Lindsay Brianna, Saha Debasish, Sanogo Doh, Das Sumon Kumar, Omore Richard, Farag Tamer H, Nasrin Dilruba, Li Shan, Panchalingam Sandra, Levine Myron M, Kotloff Karen, Nataro James P, Magder Laurence, Hungerford Laura, Faruque A S G, Oundo Joseph, Hossain M Anowar, Adeyemi Mitchell, Stine Oscar Colin
University of Maryland School of Medicine, Baltimore, Maryland; Medical Research Council, Basse, The Gambia; Centre pour le Developpement des Vaccins du Mali, Bamako, Mali; icddr,b, Mirzapur, Bangladesh; School of Medicine, University of Virginia, Charlottesville, Virginia; U.S. Centers for Disease Control and Prevention/Kenya Medical Research Institute Research Station, Kisumu, Kenya; Centre for Nutrition and Food Security, Mohakhali, Dhaka, Bangladesh.
University of Maryland School of Medicine, Baltimore, Maryland; Medical Research Council, Basse, The Gambia; Centre pour le Developpement des Vaccins du Mali, Bamako, Mali; icddr,b, Mirzapur, Bangladesh; School of Medicine, University of Virginia, Charlottesville, Virginia; U.S. Centers for Disease Control and Prevention/Kenya Medical Research Institute Research Station, Kisumu, Kenya; Centre for Nutrition and Food Security, Mohakhali, Dhaka, Bangladesh
Am J Trop Med Hyg. 2015 Nov;93(5):918-24. doi: 10.4269/ajtmh.14-0319. Epub 2015 Aug 31.

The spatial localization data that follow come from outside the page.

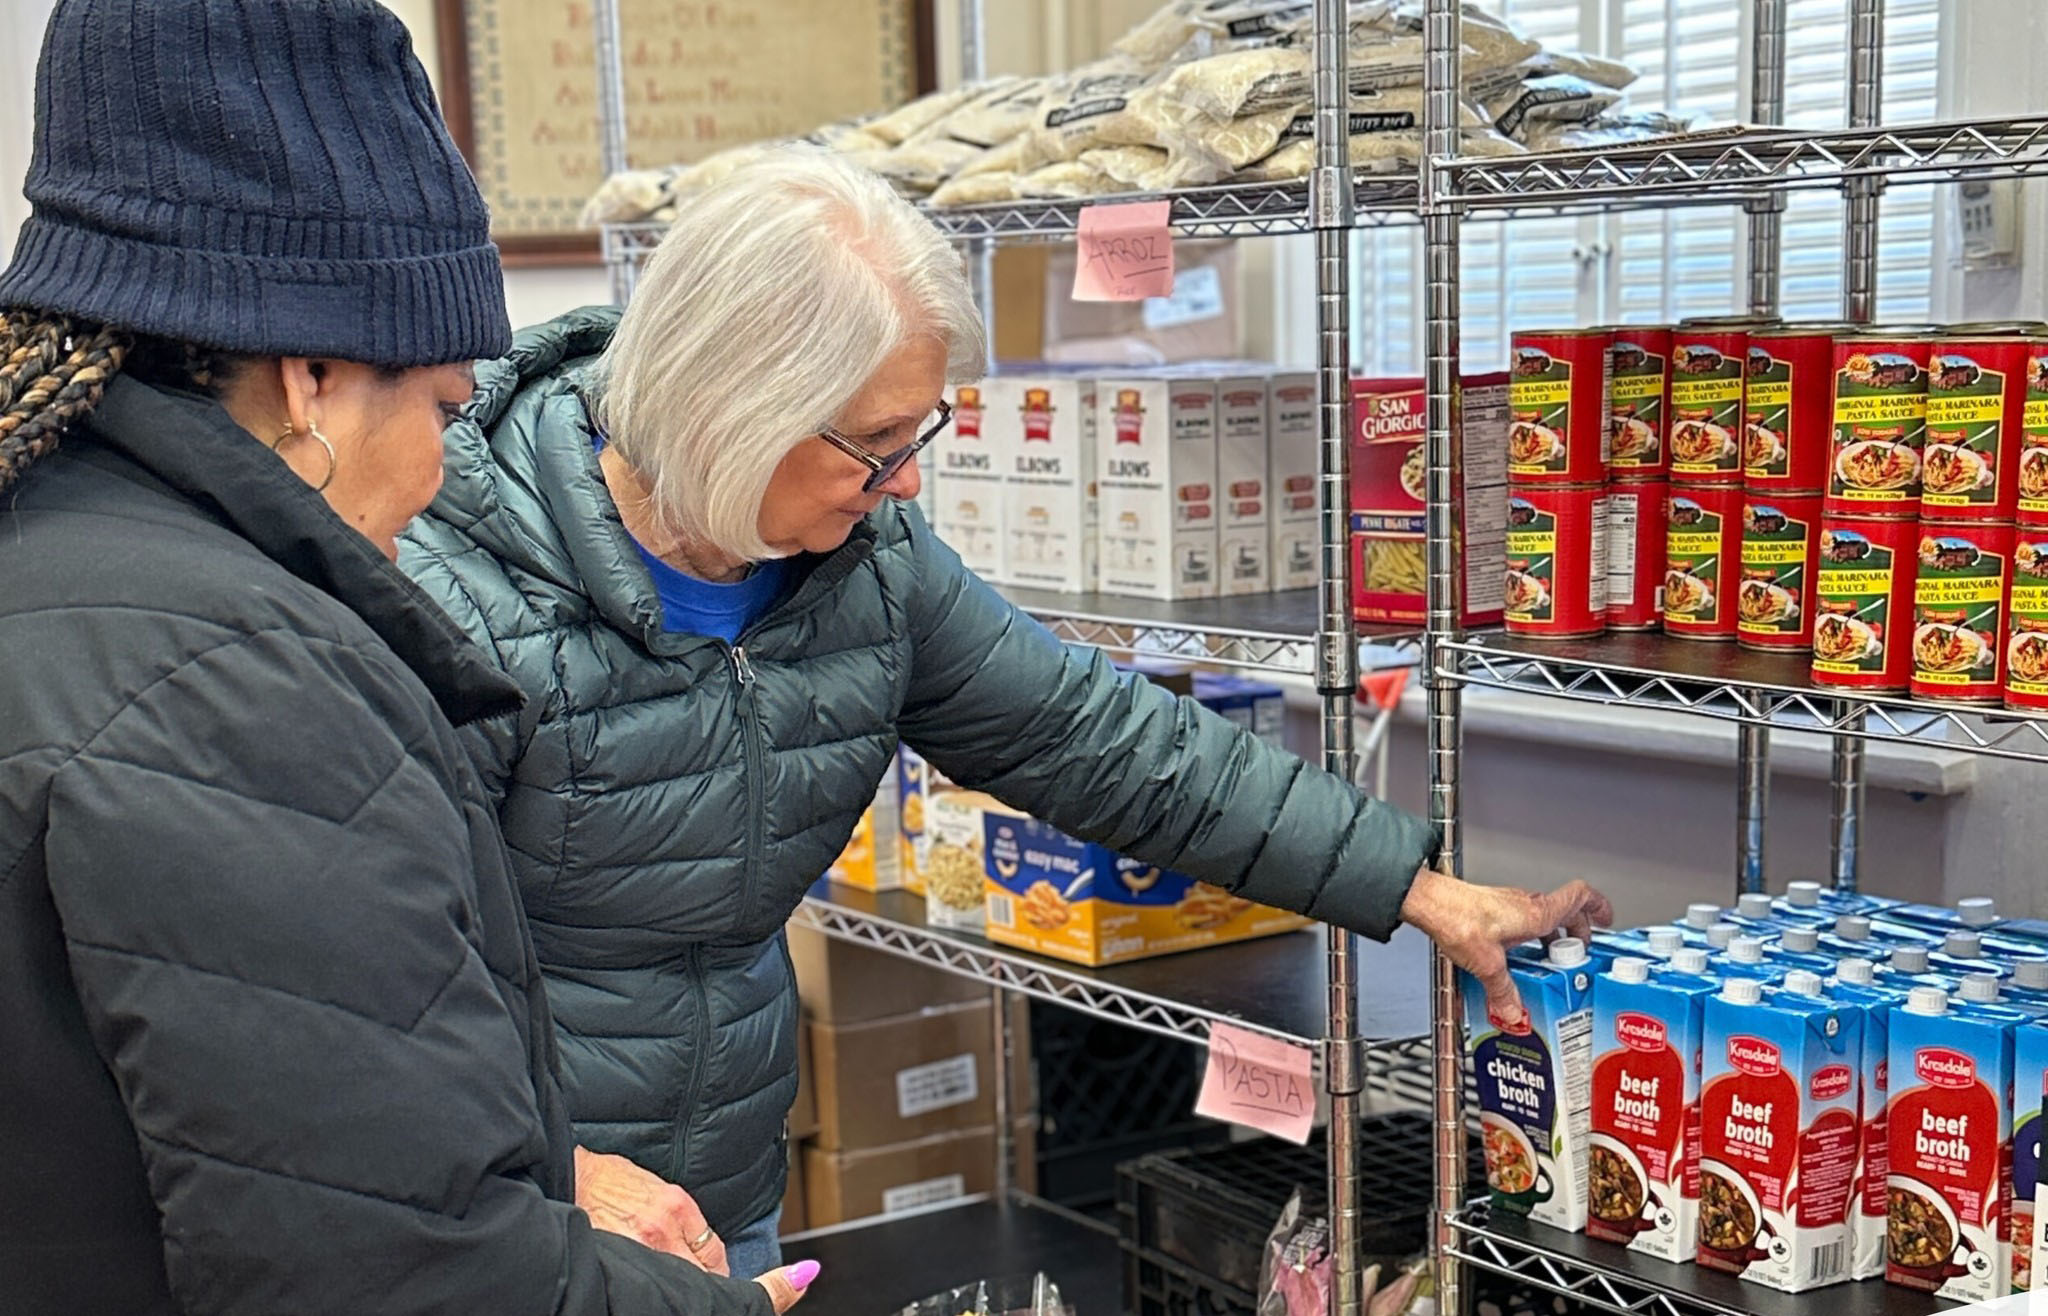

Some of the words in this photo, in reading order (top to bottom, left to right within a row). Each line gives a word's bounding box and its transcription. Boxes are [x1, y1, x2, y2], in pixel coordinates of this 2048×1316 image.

[1085, 226, 1168, 280] ARROZ
[1523, 383, 1569, 393] MARINARA
[1615, 375, 1661, 386] MARINARA
[1693, 381, 1740, 390] MARINARA
[1524, 394, 1550, 402] SAUCE
[1616, 388, 1645, 396] SAUCE
[1694, 391, 1722, 400] SAUCE
[1879, 395, 1927, 407] MARINAR
[1379, 398, 1410, 417] SAN
[1945, 398, 2000, 409] MARINARA
[1846, 408, 1877, 420] PASTA
[1880, 408, 1915, 419] SAUCE
[1945, 410, 1978, 420] SAUCE
[946, 451, 991, 471] ELBOWS
[1015, 455, 1061, 475] ELBOWS
[1107, 459, 1150, 478] ELBOWS
[1676, 535, 1719, 543] MARINARA
[1757, 542, 1804, 551] MARINARA
[1677, 545, 1702, 553] SAUCE
[1758, 553, 1786, 562] SAUCE
[1836, 572, 1889, 582] MARINARA
[1943, 579, 2000, 590] MARINARA
[1836, 583, 1869, 592] SAUCE
[1943, 591, 1980, 601] SAUCE
[1023, 849, 1052, 873] easy
[1052, 855, 1080, 874] mac
[1618, 1018, 1663, 1041] Krasdale
[1729, 1040, 1777, 1065] Krasdale
[1217, 1034, 1304, 1111] PASTA
[1487, 1057, 1546, 1091] chicken
[1918, 1053, 1971, 1077] Krasdale
[1620, 1069, 1660, 1098] beef
[1811, 1071, 1848, 1089] Krasdale
[1498, 1078, 1539, 1109] broth
[1614, 1090, 1660, 1122] broth
[1731, 1093, 1773, 1124] beef
[1922, 1107, 1968, 1137] beef
[1724, 1115, 1774, 1149] broth
[1915, 1129, 1970, 1162] broth
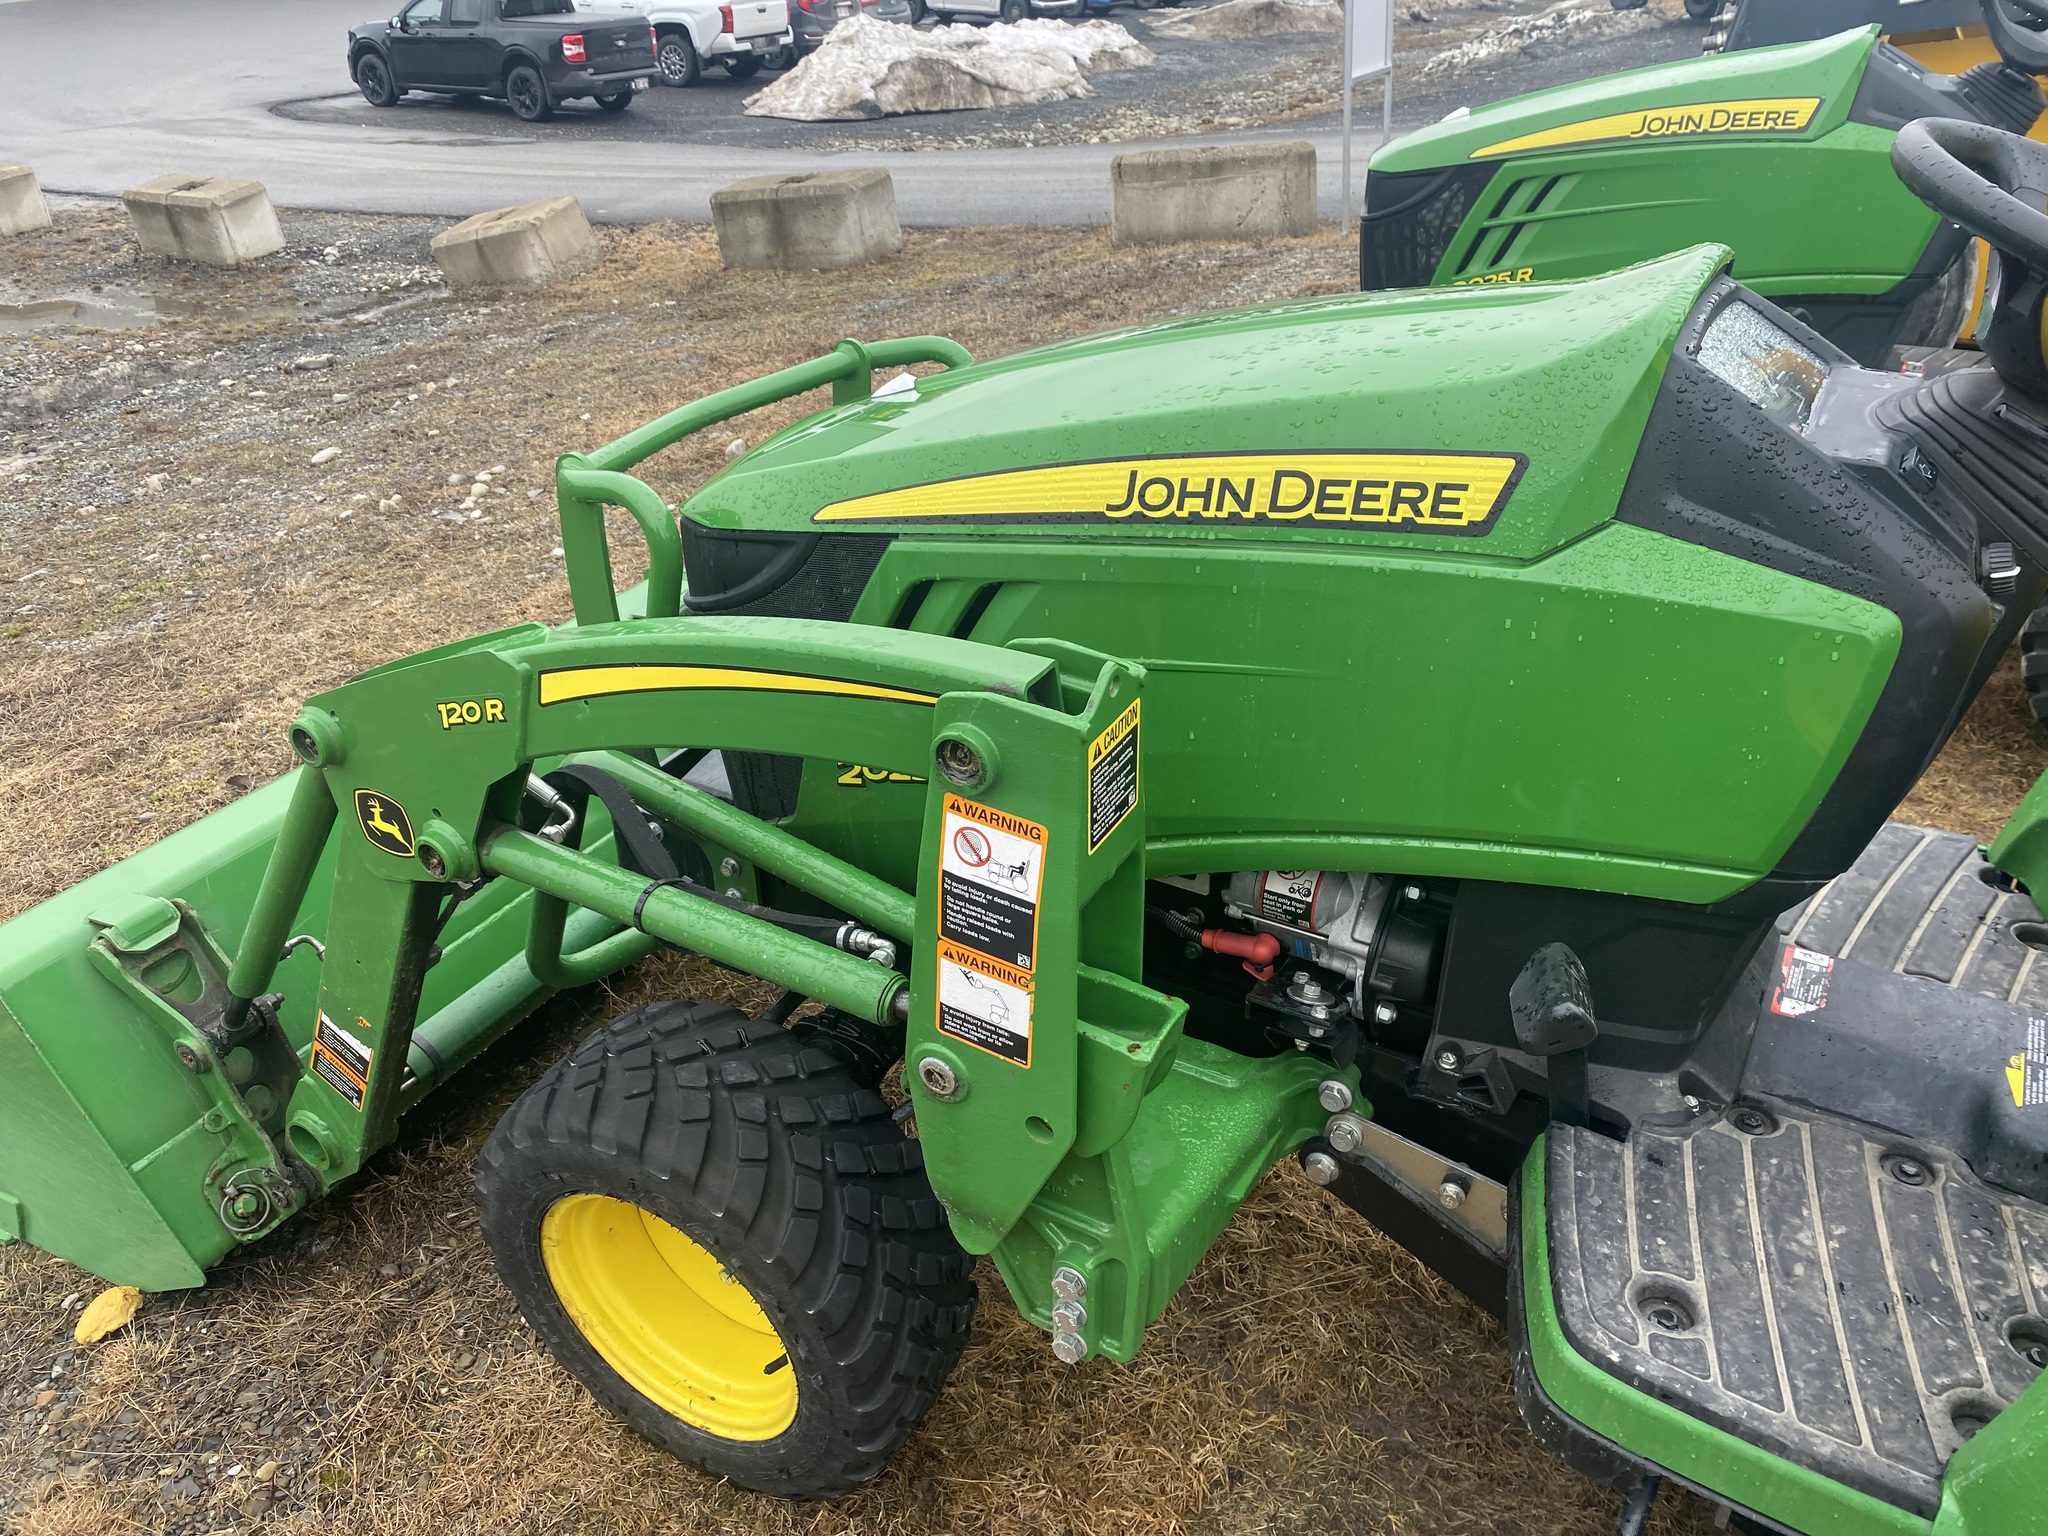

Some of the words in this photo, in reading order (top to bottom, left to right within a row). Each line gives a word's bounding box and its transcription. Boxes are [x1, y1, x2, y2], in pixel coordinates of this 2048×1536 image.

Molecular identification of the invasion plasmid antigen-H (ipaH) gene has been established as a useful detection mechanism for Shigella spp. The Global Enteric Multicenter Study (GEMS) identified the etiology and burden of moderate-to-severe diarrhea (MSD) in sub-Saharan Africa and south Asia using a case-control study and traditional culture techniques. Here, we used quantitative polymerase chain reaction (qPCR) to identify Shigella spp. in 2,611 stool specimens from GEMS and compared these results to those using culture. Demographic and nutritional characteristics were assessed as possible risk factors. The qPCR identified more cases of shigellosis than culture; however, the distribution of demographic characteristics was similar by both methods. In regression models adjusting for Shigella quantity, age, and site, children who were exclusively breast-fed had significantly lower odds of MSD compared with children who were not breast-fed (odds ratio [OR] = 0.47, 95% confidence interval (CI) = 0.28-0.81). The association between Shigella quantity and MSD increased with age, with a peak in children of 24-35 months of age (OR = 8.2, 95% CI = 4.3-15.7) and the relationship between Shigella quantity and disease was greatest in Bangladesh (OR = 13.2, 95% CI = 7.3-23.8). This study found that qPCR identified more cases of Shigella and age, site, and breast-feeding status were significant risk factors for MSD.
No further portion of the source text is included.